● **WORK TO BE COMPLETED**
Please quote the material exactly, every line of it.

━━ EXERCISE DATA

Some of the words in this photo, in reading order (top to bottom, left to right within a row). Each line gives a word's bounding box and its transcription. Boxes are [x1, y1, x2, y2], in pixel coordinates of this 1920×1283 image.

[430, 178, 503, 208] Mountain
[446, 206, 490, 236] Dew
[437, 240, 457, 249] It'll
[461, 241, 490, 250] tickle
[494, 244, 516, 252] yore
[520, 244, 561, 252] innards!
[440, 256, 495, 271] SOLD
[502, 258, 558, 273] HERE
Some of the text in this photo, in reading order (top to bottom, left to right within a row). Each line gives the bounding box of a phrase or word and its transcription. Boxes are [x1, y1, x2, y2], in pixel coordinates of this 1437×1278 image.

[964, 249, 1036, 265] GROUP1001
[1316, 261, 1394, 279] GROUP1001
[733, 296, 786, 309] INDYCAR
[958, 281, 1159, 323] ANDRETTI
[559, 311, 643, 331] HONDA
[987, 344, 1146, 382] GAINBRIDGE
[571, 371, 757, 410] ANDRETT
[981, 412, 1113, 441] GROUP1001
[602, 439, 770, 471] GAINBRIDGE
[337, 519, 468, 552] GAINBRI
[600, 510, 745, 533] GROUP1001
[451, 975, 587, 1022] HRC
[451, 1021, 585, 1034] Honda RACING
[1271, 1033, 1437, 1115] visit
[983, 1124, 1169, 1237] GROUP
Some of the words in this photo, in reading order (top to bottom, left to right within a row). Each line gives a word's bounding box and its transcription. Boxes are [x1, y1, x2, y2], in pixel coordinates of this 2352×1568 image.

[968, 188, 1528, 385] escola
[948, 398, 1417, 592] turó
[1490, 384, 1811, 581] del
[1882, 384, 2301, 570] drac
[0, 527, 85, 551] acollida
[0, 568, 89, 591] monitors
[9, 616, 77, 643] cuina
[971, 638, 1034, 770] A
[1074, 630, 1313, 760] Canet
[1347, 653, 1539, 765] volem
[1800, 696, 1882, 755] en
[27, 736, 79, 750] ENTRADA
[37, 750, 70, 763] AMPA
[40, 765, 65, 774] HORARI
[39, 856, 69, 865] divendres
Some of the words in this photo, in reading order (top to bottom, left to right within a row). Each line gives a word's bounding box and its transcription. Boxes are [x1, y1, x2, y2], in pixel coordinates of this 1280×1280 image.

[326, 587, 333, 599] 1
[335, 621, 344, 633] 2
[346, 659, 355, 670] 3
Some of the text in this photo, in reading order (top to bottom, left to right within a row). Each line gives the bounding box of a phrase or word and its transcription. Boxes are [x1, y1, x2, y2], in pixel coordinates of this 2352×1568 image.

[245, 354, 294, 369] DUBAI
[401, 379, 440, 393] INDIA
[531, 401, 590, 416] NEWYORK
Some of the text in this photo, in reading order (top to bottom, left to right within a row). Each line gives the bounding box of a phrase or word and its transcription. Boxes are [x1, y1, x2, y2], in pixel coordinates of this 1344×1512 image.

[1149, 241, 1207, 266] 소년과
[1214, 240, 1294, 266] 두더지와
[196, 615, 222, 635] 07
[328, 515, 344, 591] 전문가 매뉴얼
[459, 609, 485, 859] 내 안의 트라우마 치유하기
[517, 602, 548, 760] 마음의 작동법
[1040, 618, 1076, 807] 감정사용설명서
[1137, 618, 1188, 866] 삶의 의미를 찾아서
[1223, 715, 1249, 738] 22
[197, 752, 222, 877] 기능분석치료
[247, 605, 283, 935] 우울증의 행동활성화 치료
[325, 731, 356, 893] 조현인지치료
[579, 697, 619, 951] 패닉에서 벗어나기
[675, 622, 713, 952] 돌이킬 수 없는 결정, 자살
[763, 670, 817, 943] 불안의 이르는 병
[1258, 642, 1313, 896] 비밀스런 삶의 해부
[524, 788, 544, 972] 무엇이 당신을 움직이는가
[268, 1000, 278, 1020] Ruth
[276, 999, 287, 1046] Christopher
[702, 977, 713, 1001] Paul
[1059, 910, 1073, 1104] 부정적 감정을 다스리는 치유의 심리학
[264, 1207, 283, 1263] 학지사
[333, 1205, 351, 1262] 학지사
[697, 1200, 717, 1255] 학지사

━━━━

● **ANSWER TO THIS PROBLEM**
Some of the words in this photo, in reading order (top to bottom, left to right within a row). Each line gives a word's bounding box and its transcription. Boxes are [x1, y1, x2, y2], in pixel coordinates of this 1920×1283 image.

[430, 178, 503, 208] Mountain
[446, 206, 490, 236] Dew
[437, 240, 457, 249] It'll
[461, 241, 490, 250] tickle
[494, 244, 516, 252] yore
[520, 244, 561, 252] innards!
[440, 256, 495, 271] SOLD
[502, 258, 558, 273] HERE
Some of the text in this photo, in reading order (top to bottom, left to right within a row). Each line gives the bounding box of a phrase or word and its transcription. Boxes are [x1, y1, x2, y2], in pixel coordinates of this 1437×1278 image.

[964, 249, 1036, 265] GROUP1001
[1316, 261, 1394, 279] GROUP1001
[733, 296, 786, 309] INDYCAR
[958, 281, 1159, 323] ANDRETTI
[559, 311, 643, 331] HONDA
[987, 344, 1146, 382] GAINBRIDGE
[571, 371, 757, 410] ANDRETT
[981, 412, 1113, 441] GROUP1001
[602, 439, 770, 471] GAINBRIDGE
[337, 519, 468, 552] GAINBRI
[600, 510, 745, 533] GROUP1001
[451, 975, 587, 1022] HRC
[451, 1021, 585, 1034] Honda RACING
[1271, 1033, 1437, 1115] visit
[983, 1124, 1169, 1237] GROUP
Some of the words in this photo, in reading order (top to bottom, left to right within a row). Each line gives a word's bounding box and its transcription. Boxes are [x1, y1, x2, y2], in pixel coordinates of this 2352×1568 image.

[968, 188, 1528, 385] escola
[948, 398, 1417, 592] turó
[1490, 384, 1811, 581] del
[1882, 384, 2301, 570] drac
[0, 527, 85, 551] acollida
[0, 568, 89, 591] monitors
[9, 616, 77, 643] cuina
[971, 638, 1034, 770] A
[1074, 630, 1313, 760] Canet
[1347, 653, 1539, 765] volem
[1800, 696, 1882, 755] en
[27, 736, 79, 750] ENTRADA
[37, 750, 70, 763] AMPA
[40, 765, 65, 774] HORARI
[39, 856, 69, 865] divendres
Some of the words in this photo, in reading order (top to bottom, left to right within a row). Each line gives a word's bounding box and its transcription. Boxes are [x1, y1, x2, y2], in pixel coordinates of this 1280×1280 image.

[326, 587, 333, 599] 1
[335, 621, 344, 633] 2
[346, 659, 355, 670] 3
Some of the text in this photo, in reading order (top to bottom, left to right within a row). Each line gives the bounding box of a phrase or word and its transcription. Boxes are [x1, y1, x2, y2], in pixel coordinates of this 2352×1568 image.

[245, 354, 294, 369] DUBAI
[401, 379, 440, 393] INDIA
[531, 401, 590, 416] NEWYORK
Some of the text in this photo, in reading order (top to bottom, left to right within a row). Each line gives the bounding box of a phrase or word and its transcription. Boxes are [x1, y1, x2, y2], in pixel coordinates of this 1344×1512 image.

[1149, 241, 1207, 266] 소년과
[1214, 240, 1294, 266] 두더지와
[196, 615, 222, 635] 07
[328, 515, 344, 591] 전문가 매뉴얼
[459, 609, 485, 859] 내 안의 트라우마 치유하기
[517, 602, 548, 760] 마음의 작동법
[1040, 618, 1076, 807] 감정사용설명서
[1137, 618, 1188, 866] 삶의 의미를 찾아서
[1223, 715, 1249, 738] 22
[197, 752, 222, 877] 기능분석치료
[247, 605, 283, 935] 우울증의 행동활성화 치료
[325, 731, 356, 893] 조현인지치료
[579, 697, 619, 951] 패닉에서 벗어나기
[675, 622, 713, 952] 돌이킬 수 없는 결정, 자살
[763, 670, 817, 943] 불안의 이르는 병
[1258, 642, 1313, 896] 비밀스런 삶의 해부
[524, 788, 544, 972] 무엇이 당신을 움직이는가
[268, 1000, 278, 1020] Ruth
[276, 999, 287, 1046] Christopher
[702, 977, 713, 1001] Paul
[1059, 910, 1073, 1104] 부정적 감정을 다스리는 치유의 심리학
[264, 1207, 283, 1263] 학지사
[333, 1205, 351, 1262] 학지사
[697, 1200, 717, 1255] 학지사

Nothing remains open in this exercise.